Speaking on behalf of the St Maurice tourist office, Jean-Marie Torrenté welcomed the pilgrims and alluded to the difficulties many foreigners face in Switzerland.

“The difference between you [Africans] and us still frightens some of my compatriots a little,” he said, in reference to the nationwide vote on naturalisation being held as the pilgrimage took place on June 1.

A loud cheer went up when the organisers announced the result of the vote: a round rejection of the proposal, which would have made it harder for foreigners to obtain Swiss citizenship.

swissinfo, Morven McLean in St Maurice

St Maurice is situated at the point where the narrowing of the River Rhône prompted the Romans to build a bridge.

The Romans named it Agaune. Previously the area was known by the celtic name Acauno.

Because of its strategic location on the route from Rome to Gaul, numerous Roman legions passed through the area.
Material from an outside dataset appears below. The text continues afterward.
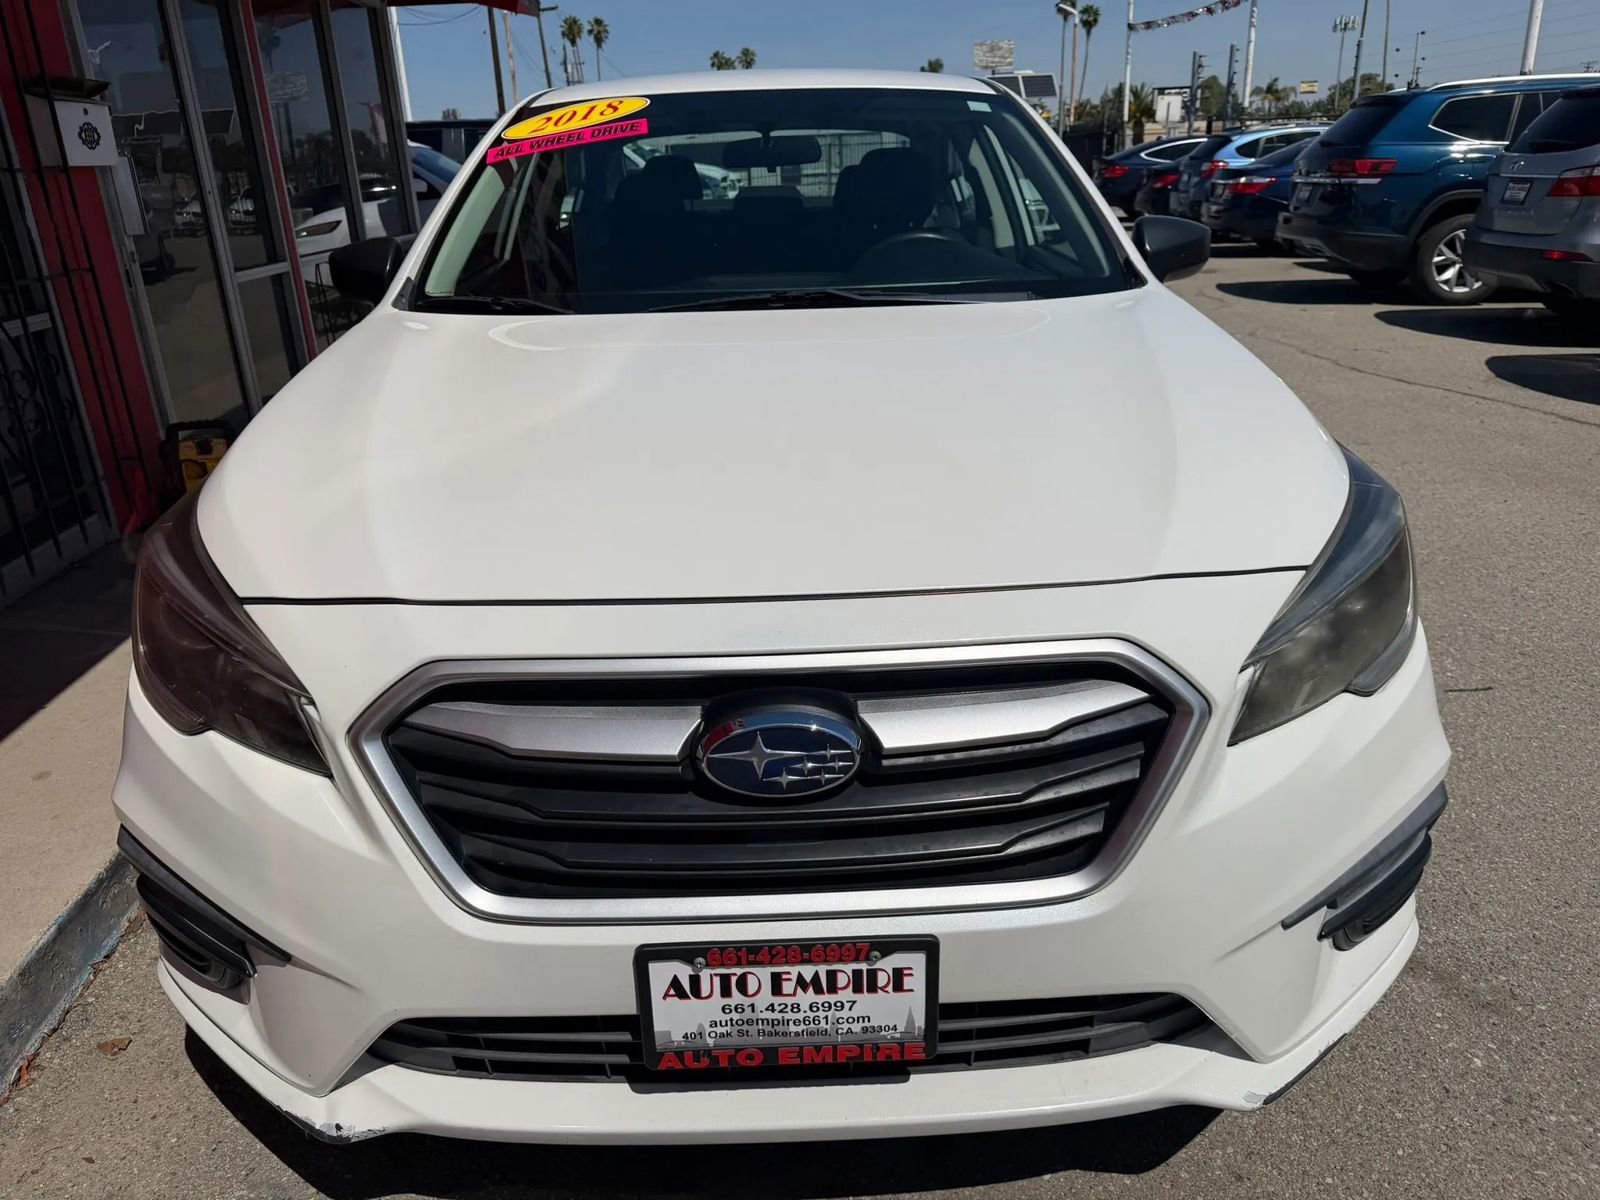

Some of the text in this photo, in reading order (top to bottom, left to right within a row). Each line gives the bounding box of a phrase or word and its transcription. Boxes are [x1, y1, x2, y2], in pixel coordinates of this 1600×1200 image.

Maurice, the leader of one of these, was put to death with his men at the end of the third century.

A shrine was built at the foot of a cliff in 390 to house the tomb of the saint. It was replaced by a monastery in 515 – the oldest surviving abbey north of the Alps.

Pilgrims have been coming to the abbey church for close to 1,500 years, bringing gifts of gold and silver. The church treasury contains items of fine workmanship including the Casket of Teuderic, an embossed silver bust of St Candidus and a Roman saronyx vase.

St Maurice has given his name to two countries (Mauritius and Mauritania) and dozens of towns around the world.